Task objective
Find "this 1536×1152 image." in the records that follow; print that line and each subsequent line through the last one, verbatim and with nothing added.

Records for processing
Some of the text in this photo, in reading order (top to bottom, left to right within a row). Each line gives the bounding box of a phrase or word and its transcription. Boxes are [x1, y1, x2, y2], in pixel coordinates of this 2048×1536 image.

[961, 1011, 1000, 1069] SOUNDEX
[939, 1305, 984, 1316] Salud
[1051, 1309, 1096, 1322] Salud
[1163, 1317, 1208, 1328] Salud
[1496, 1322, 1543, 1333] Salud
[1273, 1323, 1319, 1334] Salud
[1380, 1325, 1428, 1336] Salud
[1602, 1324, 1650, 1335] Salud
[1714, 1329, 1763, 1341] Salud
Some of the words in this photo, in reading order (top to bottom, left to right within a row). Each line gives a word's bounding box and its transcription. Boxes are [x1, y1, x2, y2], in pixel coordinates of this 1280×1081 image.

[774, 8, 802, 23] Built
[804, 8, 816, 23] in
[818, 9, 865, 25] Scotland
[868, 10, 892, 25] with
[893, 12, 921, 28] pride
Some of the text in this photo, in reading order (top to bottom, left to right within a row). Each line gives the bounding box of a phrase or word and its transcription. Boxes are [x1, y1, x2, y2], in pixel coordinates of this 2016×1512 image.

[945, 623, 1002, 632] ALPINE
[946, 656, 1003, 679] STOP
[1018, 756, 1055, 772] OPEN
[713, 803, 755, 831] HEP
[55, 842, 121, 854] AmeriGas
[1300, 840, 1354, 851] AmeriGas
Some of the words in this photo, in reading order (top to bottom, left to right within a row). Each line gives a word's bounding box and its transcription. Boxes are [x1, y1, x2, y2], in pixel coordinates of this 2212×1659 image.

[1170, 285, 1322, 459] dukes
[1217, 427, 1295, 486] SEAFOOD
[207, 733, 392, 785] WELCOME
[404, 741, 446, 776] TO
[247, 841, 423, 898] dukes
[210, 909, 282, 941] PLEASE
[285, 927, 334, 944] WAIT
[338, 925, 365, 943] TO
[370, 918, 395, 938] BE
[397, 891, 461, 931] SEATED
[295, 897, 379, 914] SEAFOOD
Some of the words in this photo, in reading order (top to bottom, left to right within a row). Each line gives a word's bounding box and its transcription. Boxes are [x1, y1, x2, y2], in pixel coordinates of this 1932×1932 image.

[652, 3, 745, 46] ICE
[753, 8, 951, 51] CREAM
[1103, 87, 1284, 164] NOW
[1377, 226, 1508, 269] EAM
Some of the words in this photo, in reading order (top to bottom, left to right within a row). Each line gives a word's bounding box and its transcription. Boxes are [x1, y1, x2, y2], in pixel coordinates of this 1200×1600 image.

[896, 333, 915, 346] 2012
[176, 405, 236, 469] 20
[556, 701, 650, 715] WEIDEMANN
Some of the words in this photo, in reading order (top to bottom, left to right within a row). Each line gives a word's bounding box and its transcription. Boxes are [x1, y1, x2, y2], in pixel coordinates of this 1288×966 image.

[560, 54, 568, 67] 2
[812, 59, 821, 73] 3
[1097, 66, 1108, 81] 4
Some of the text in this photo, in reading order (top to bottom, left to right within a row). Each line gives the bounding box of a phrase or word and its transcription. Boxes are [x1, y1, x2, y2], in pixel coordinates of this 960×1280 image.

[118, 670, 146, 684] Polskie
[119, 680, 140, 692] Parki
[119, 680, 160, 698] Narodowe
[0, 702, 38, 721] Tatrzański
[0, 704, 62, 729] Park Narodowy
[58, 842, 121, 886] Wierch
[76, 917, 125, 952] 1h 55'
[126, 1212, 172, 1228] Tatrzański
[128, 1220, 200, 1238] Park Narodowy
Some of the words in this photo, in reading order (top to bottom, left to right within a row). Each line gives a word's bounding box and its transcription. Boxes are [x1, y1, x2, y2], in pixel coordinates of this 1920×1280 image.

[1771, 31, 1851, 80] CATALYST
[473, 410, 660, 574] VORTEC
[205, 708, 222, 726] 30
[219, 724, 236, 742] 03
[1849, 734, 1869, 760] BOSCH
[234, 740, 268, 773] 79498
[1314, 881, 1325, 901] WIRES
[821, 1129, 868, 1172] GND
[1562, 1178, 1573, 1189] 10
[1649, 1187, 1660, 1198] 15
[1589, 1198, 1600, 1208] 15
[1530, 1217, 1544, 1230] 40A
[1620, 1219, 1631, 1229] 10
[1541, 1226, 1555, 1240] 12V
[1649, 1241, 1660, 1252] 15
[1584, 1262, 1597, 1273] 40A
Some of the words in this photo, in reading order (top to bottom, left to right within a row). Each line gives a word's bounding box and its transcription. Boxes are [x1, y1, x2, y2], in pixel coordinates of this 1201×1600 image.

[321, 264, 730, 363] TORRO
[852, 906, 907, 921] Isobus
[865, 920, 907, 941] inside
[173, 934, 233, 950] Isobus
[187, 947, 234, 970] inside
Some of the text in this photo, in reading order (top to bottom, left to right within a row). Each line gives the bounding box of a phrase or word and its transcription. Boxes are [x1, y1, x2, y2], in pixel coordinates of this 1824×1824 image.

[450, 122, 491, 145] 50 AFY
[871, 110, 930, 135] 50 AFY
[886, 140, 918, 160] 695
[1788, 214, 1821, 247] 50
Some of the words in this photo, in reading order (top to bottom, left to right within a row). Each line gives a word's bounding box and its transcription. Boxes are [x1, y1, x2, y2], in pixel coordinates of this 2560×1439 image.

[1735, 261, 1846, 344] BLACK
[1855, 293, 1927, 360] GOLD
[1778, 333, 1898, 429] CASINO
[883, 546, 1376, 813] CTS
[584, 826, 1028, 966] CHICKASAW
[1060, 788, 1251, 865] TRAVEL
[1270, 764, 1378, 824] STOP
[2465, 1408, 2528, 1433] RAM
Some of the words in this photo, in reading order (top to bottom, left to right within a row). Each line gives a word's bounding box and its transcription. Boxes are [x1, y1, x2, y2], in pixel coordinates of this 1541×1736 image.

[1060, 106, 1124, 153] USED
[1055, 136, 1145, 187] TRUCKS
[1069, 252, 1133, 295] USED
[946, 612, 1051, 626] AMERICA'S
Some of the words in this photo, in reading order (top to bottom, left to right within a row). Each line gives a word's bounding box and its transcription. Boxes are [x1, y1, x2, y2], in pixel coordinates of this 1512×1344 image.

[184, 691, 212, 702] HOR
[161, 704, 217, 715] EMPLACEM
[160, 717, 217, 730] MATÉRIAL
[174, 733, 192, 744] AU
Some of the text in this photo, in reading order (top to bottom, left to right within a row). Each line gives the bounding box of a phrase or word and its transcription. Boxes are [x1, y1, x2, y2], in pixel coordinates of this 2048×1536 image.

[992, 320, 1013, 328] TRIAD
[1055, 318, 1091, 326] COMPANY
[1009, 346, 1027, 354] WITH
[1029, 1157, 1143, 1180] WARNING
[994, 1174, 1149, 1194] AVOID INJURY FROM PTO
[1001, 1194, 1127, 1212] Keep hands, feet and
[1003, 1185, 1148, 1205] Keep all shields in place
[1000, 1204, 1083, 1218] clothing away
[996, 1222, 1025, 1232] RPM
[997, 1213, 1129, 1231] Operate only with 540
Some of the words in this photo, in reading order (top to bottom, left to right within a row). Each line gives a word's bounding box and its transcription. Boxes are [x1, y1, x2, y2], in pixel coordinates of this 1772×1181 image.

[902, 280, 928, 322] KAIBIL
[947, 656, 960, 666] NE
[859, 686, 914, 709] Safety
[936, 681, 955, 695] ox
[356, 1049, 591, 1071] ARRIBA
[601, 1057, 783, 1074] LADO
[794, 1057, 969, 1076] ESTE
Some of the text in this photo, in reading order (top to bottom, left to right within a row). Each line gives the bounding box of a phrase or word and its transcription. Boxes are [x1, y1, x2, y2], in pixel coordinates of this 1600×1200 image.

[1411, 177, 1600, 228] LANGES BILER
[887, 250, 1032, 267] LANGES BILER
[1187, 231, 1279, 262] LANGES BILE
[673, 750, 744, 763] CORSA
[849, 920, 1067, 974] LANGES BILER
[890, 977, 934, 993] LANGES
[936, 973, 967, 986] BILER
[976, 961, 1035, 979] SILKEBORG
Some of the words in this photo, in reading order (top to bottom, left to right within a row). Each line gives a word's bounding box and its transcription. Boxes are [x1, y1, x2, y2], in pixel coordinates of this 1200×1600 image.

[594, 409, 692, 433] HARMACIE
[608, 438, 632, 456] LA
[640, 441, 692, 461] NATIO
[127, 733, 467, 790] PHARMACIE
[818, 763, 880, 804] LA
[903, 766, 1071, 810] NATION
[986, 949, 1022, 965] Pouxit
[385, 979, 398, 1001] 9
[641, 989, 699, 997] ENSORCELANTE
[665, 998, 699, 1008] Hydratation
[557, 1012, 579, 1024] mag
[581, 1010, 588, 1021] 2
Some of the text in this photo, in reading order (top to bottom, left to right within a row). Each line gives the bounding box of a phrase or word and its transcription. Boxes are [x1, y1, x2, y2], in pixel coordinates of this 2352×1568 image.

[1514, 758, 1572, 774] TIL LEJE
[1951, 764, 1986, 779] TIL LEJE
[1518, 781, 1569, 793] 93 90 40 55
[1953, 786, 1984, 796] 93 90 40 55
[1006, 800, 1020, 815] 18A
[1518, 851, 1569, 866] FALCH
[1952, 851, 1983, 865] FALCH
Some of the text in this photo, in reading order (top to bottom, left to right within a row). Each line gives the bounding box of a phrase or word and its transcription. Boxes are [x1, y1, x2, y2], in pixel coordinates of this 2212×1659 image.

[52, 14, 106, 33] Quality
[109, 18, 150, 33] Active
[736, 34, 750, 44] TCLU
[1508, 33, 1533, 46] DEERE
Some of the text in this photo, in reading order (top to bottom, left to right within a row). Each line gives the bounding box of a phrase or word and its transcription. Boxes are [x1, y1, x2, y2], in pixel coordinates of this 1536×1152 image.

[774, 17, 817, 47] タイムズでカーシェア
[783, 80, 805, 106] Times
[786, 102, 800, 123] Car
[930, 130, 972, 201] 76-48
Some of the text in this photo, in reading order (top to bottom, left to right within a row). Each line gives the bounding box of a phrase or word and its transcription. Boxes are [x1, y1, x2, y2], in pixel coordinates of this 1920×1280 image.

Answer box
Some of the text in this photo, in reading order (top to bottom, left to right within a row). Each line gives the bounding box of a phrase or word and its transcription. Boxes are [x1, y1, x2, y2], in pixel coordinates of this 1536×1152 image.

[774, 17, 817, 47] タイムズでカーシェア
[783, 80, 805, 106] Times
[786, 102, 800, 123] Car
[930, 130, 972, 201] 76-48
Some of the text in this photo, in reading order (top to bottom, left to right within a row). Each line gives the bounding box of a phrase or word and its transcription. Boxes are [x1, y1, x2, y2], in pixel coordinates of this 1920×1280 image.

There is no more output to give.